561 - Evaluating the Impact of Bowel Ultrasound on Patient Outcomes in Suspected NEC: A Multisite Randomized Diagnostic Trial
Sunday, April 27, 2025
8:30am – 10:45am HST
Publication Number: 561.4838
Alain Cuna, Children's Mercy Hospitals and Clinics, Kansas City, MO, United States; Sarah Foster, Children's Mercy Hospitals and Clinics, Kansas City, MO, United States; Allison Scott, Children's Mercy Hospitals and Clinics, Blue Springs, MO, United States; Maura Sien, Children's Mercy Kansas City, Kansas City, MO, United States; Jill Jones, The University of Kansas Medical Center, Kansas City, KS, United States; Sherwin S. Chan, Children's Mercy Hospitals and Clinics, KANSAS CITY, MO, United States
Neonatologist Children's Mercy Hospitals and Clinics University of Missouri Kansas City Kansas City, Missouri, United States
Background: Bowel ultrasound (BUS) is an emerging tool for evaluating necrotizing enterocolitis (NEC). Evidence supporting its use, however, is primarily drawn from retrospective studies in specialized level 4 NICUs. The impact of adding BUS to abdominal radiographs (AXR) on patient outcomes and its generalizability in less specialized NICUs remain uncertain. Objective: To assess how adding BUS to the diagnostic workup for suspected NEC affects patient outcomes across diverse clinical settings. Design/Methods: We conducted a randomized diagnostic trial across two sites: a level 4 NICU at a children’s hospital with established BUS expertise and a level 3 NICU at an adult hospital without prior BUS experience. Infants with suspected NEC were randomized by birth month to either AXR alone or AXR + BUS under a waiver of informed consent. Cross-over between groups was discouraged but allowed per physician discretion. Infants were classified as NEC Ruled In, Quick NEC Rule Out (1 round of imaging), or Extended NEC Rule Out (≥ 2 rounds of imaging). The primary outcome was days to reach full feeds (120 mL/kg/day); secondary outcomes included days to end bowel rest and antibiotics. A subgroup analysis of the primary outcome by site was also performed. Results: A total of 169 infants underwent 198 evaluations for NEC concern over two years. Baseline characteristics were similar between groups (Table 1). Of the 198 evaluations, 114 were in the AXR-only group and 84 in the AXR + BUS group. A total of 31 infants (16%) initially randomized to the AXR-only group crossed over to the AXR + BUS group.
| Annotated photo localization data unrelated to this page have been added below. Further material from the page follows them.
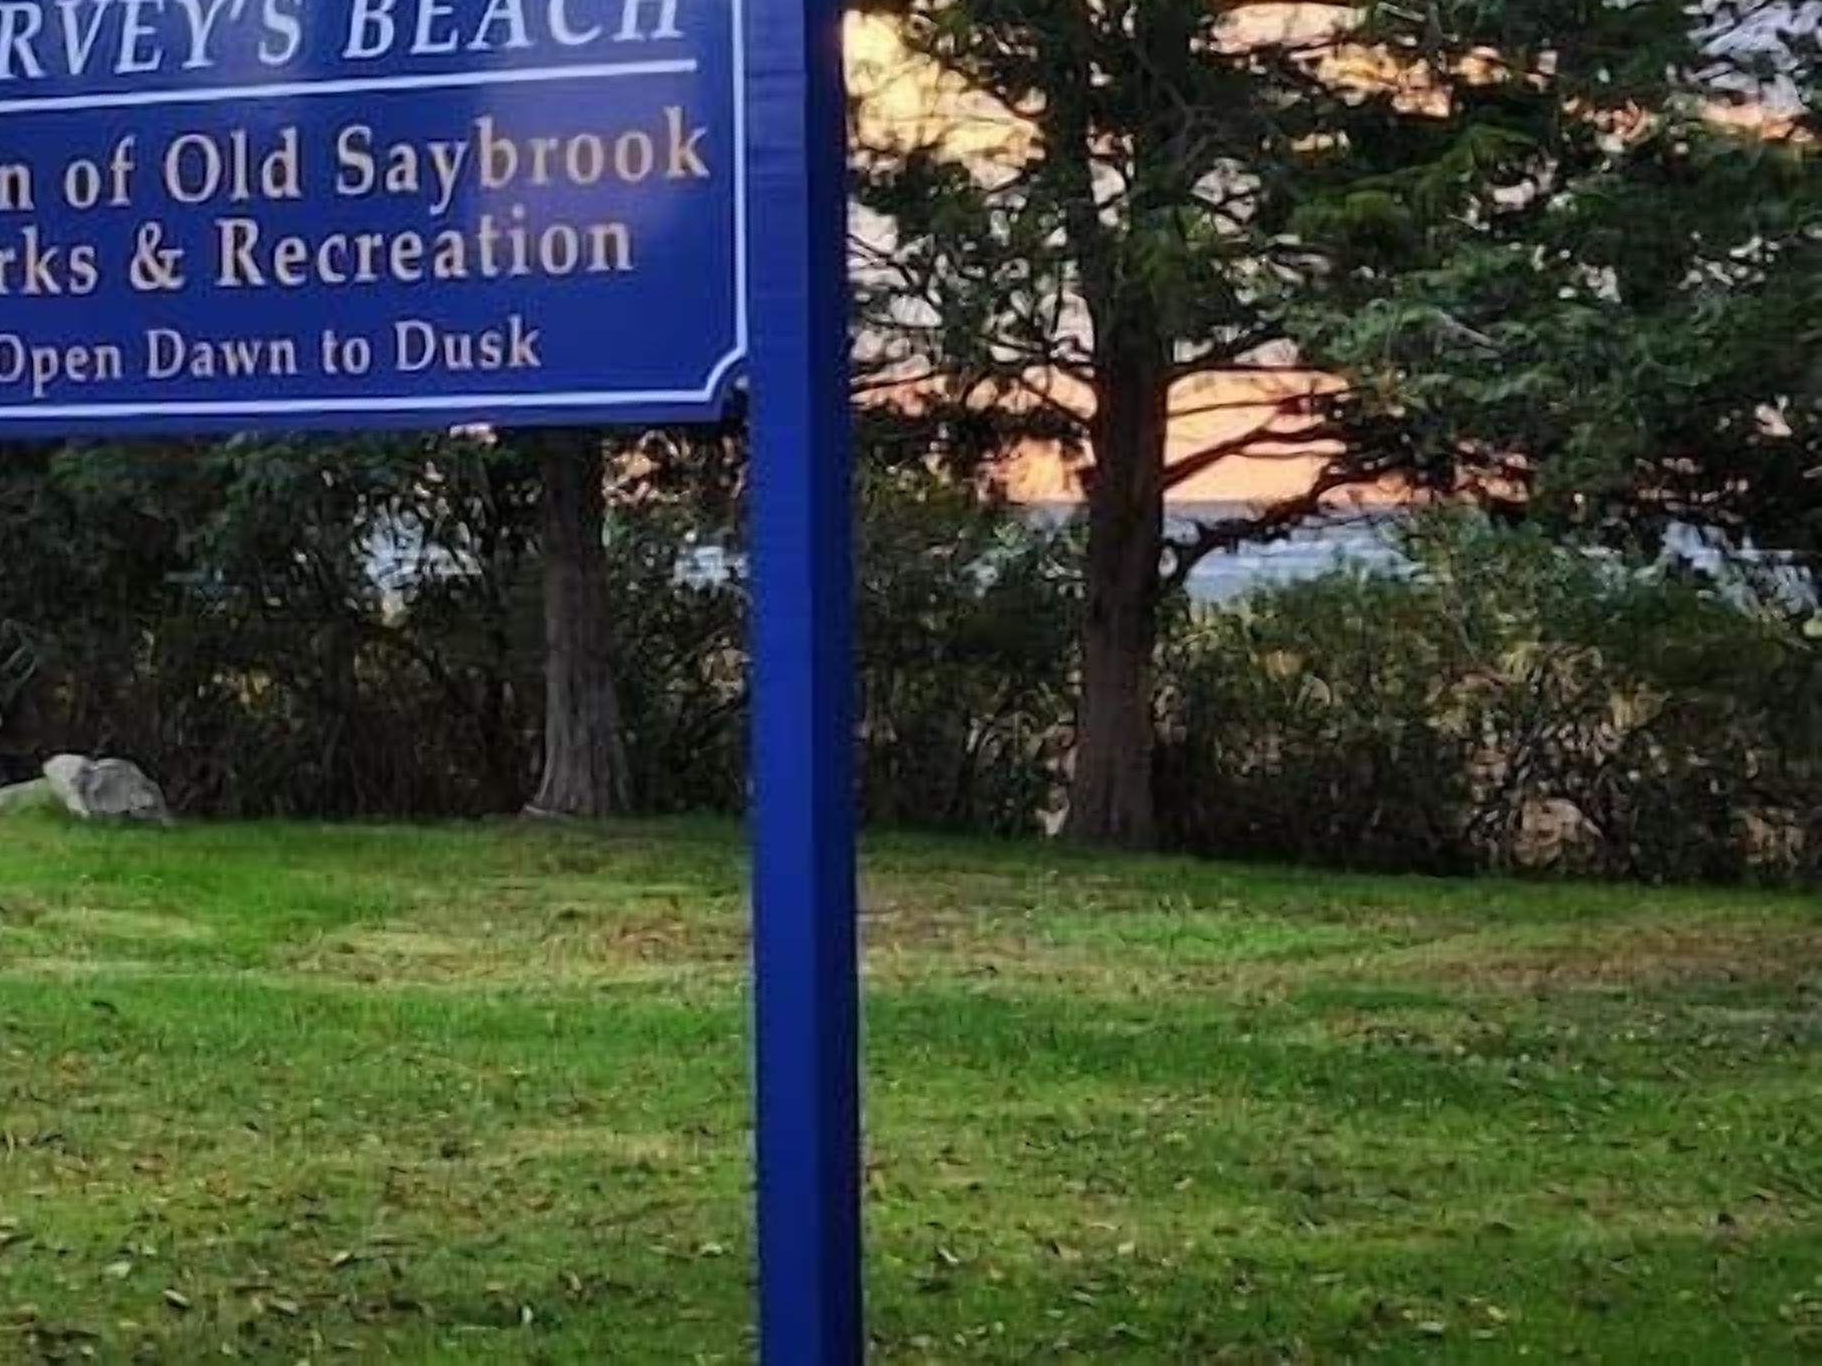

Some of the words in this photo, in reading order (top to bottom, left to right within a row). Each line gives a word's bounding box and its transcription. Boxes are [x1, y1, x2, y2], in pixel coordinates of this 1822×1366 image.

[64, 135, 134, 209] of
[163, 126, 301, 203] Old
[336, 106, 709, 218] Saybrook
[130, 222, 185, 290] &
[215, 206, 633, 286] Recreation
[146, 328, 297, 378] Dawn
[322, 330, 370, 374] to
[394, 315, 541, 371] Dusk
Overall, 58 NEC concern episodes (29%) were classified as NEC Ruled In, 63 (32%) as Quick NEC Rule Out, and 77 (39%) as Extended NEC Rule Out. Intention-to-treat analysis showed that infants in the AXR + BUS group reached full feeds earlier in the Extended NEC Rule Out category (11 days vs. 6 days, p=0.03). Days to end bowel rest and antibiotics were similar between groups (Table 2). Subgroup analysis revealed that adding BUS facilitated an earlier return to full feeds in the Extended NEC Rule Out group at the level 4 site but was associated with a delay in the NEC Ruled In group at the level 3 site (Table 3).
Conclusion(s): Adding BUS may expedite resumption of full feeds among infants with extended diagnostic evaluations, likely by increasing confidence in ruling out NEC when AXR alone leaves diagnostic uncertainty. However, the benefit of adding BUS appears to vary by site-specific experience, suggesting that additional training may benefit sites with limited experience. Larger multicenter studies are needed to confirm these findings.